1970’lerin yol kesenlerin liderleri, günümüzde sultani yetki ve yaşama biçimiyle hükümran. Hükümranlığın bir kanadında, AKP-MHP İslamo Faşizmi ve ötekinde ırkçı (Ergenekoncu) generallerin silueti ışıldıyor.

Kürtler, Türk egemen bölgelerde kurşunlanıp linç ediliyor. Kendini ülkenin baş çobanı yerine koyan Recep, katilleri kınama bir yana, alınmasınlar diye lal duruyor.

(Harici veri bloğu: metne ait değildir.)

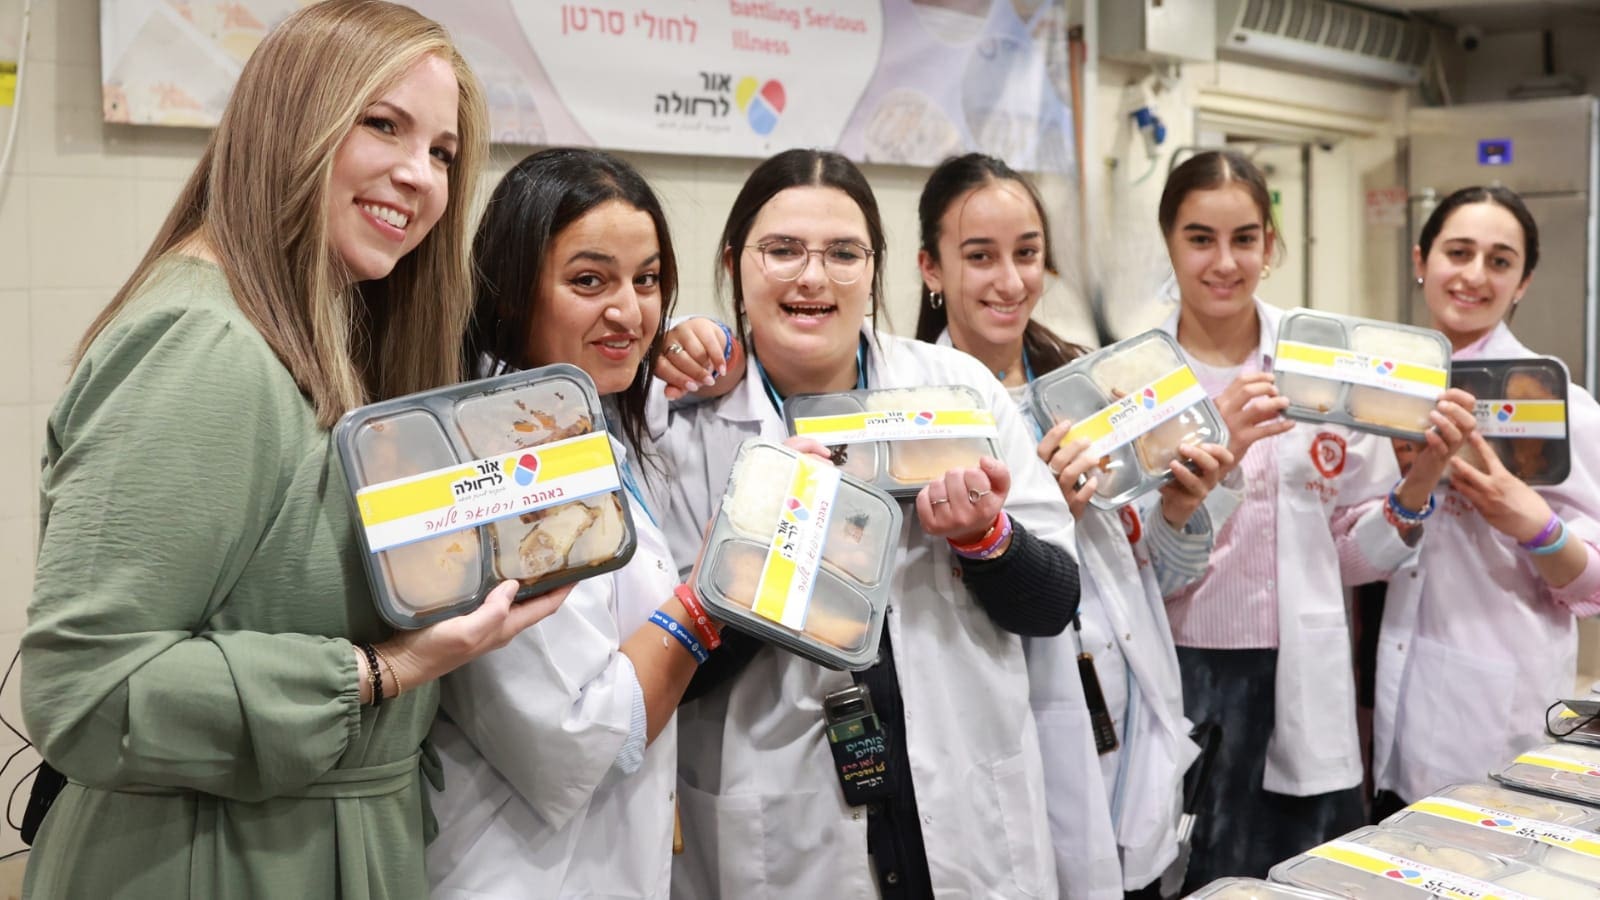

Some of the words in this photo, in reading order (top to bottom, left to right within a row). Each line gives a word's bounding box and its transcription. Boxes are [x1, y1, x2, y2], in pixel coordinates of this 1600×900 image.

Konya Meram’da, yedi kişilik Dedeoğulları ailesi, adeta haydut devletin himayesi altında topluca katledildi. Oysa, ölüm çemberini aşmak için, Hitler’in Gestapo şefi edalı SS dahil, “katillerin önüne geçin” diye baş vurulmadık mevki, makam bırakmamıştı. Ama katliamın önüne geçmediler. Sonra, katili izzet-ikramla karşıladılar.

Amerika’da siyahi Floyd, ırkçı bir polis tarafından öldürüldükten sonra, safi insan kesilerek göğü yere indirmeye çabalayan, dünyanın öbür ucunda da bir insan taziyede bulunan Recep Tayyip, Dedeoğulları ailesine, düşmandan bile esirgenmeyen bir baş sağlığı dileğini bile fazla görüyordu.

Ne de olsa o, Kürtlerle kafayı bozan biri portresini çiziyor. Gök gürlese, yer sarsılsa Kürtleri sorumlu tutuyordu. Beri yanda çağdaş medeniyet sözünü de ağzında eksik etmiyordu. Nitekim, askeri şura toplantısından sonra, Atatürk’ün ruhuna tekmil vermek için, gittiği anıt mezarındaki dilek defterine, “çağdaş uygarlığa erişmek için emin adımlarla ilerlediklerini” yazıyordu.

Oysa o sırada, silahlı başıbozuk milisler “Haydut Devletin” ilanı tertibinden Manavgat, Antalya, Marmaris, Bodrum’da yol kesip, kimlik kontrolü ile cezalandırılacak, yangın çıkaran düşman (Kürt) arıyorlardı. Şüphelilerden biri, sorgudan temiz çıktığı halde, Zehir Hafiye Recep, onun soyunda Kürtlük tesbit ettiklerini açıklıyordu. Aklının yarısı Ergenekon Generali de, başka açıdan Kürtleri işaret ediyordu.

Günün haydutlar oligarşisi, kan içinde. Ama eğer bugün, yarınların devamı ise oligarşi yarınlarda, “Kürt kanında şenlik” düzenlerse şaşmayın. Diktatörlüğün devam için gerekliyse, bunu yapacaklardır. Kürt düşmanlığının davul-zurna ile yaygınlaştırılması, olacakların işaretidir.

Hitler, “Kristal Gece” ile Yahudi kırımı açılışı yapmıştı. Oysa Kürtler, yıllar var ki her gün Kristal gece çemberinde. Haydutların yol kesmesi boşuna değildir.